Every record is to be printed exactly as written, and any picture in it is skipped.

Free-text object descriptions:

BEGIN

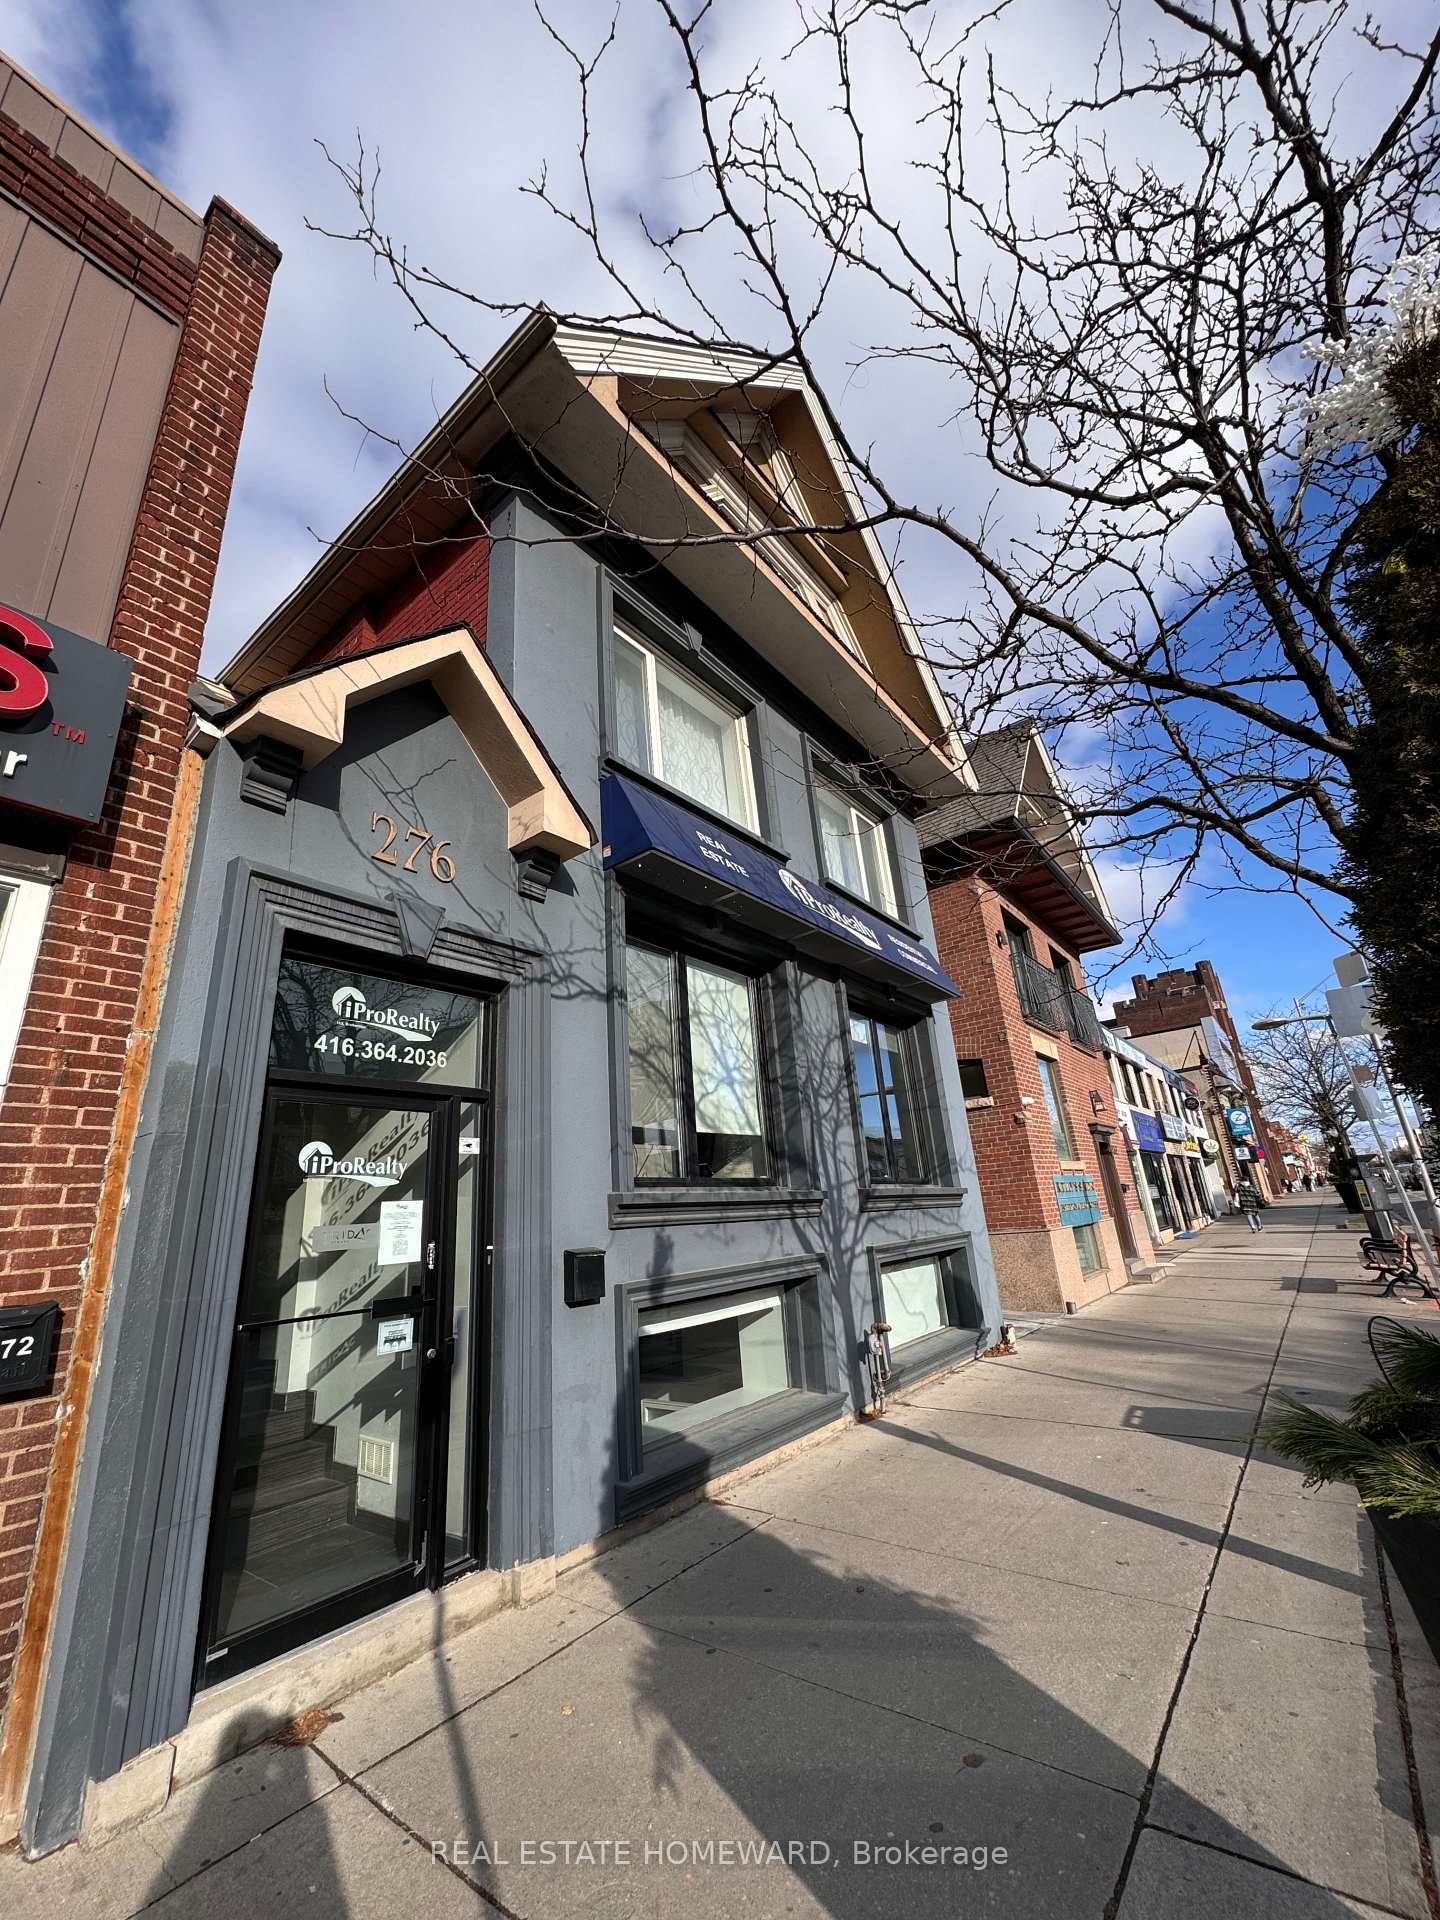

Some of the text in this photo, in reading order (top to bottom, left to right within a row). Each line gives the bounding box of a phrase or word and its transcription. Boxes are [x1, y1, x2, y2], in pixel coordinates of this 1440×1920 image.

[51, 720, 86, 745] TM
[371, 812, 456, 883] 276
[696, 831, 731, 856] REAL
[699, 846, 750, 878] ESTATE
[795, 884, 881, 947] iProRealty
[345, 1001, 440, 1038] iProRealty
[314, 1034, 448, 1068] 416.364.2036
[311, 1156, 408, 1180] iProRealty
[1, 1336, 34, 1359] 72

END

▶ **ANSWER TO THIS EXERCISE**:
Some of the text in this photo, in reading order (top to bottom, left to right within a row). Each line gives the bounding box of a phrase or word and its transcription. Boxes are [x1, y1, x2, y2], in pixel coordinates of this 1440×1920 image.

[51, 720, 86, 745] TM
[371, 812, 456, 883] 276
[696, 831, 731, 856] REAL
[699, 846, 750, 878] ESTATE
[795, 884, 881, 947] iProRealty
[345, 1001, 440, 1038] iProRealty
[314, 1034, 448, 1068] 416.364.2036
[311, 1156, 408, 1180] iProRealty
[1, 1336, 34, 1359] 72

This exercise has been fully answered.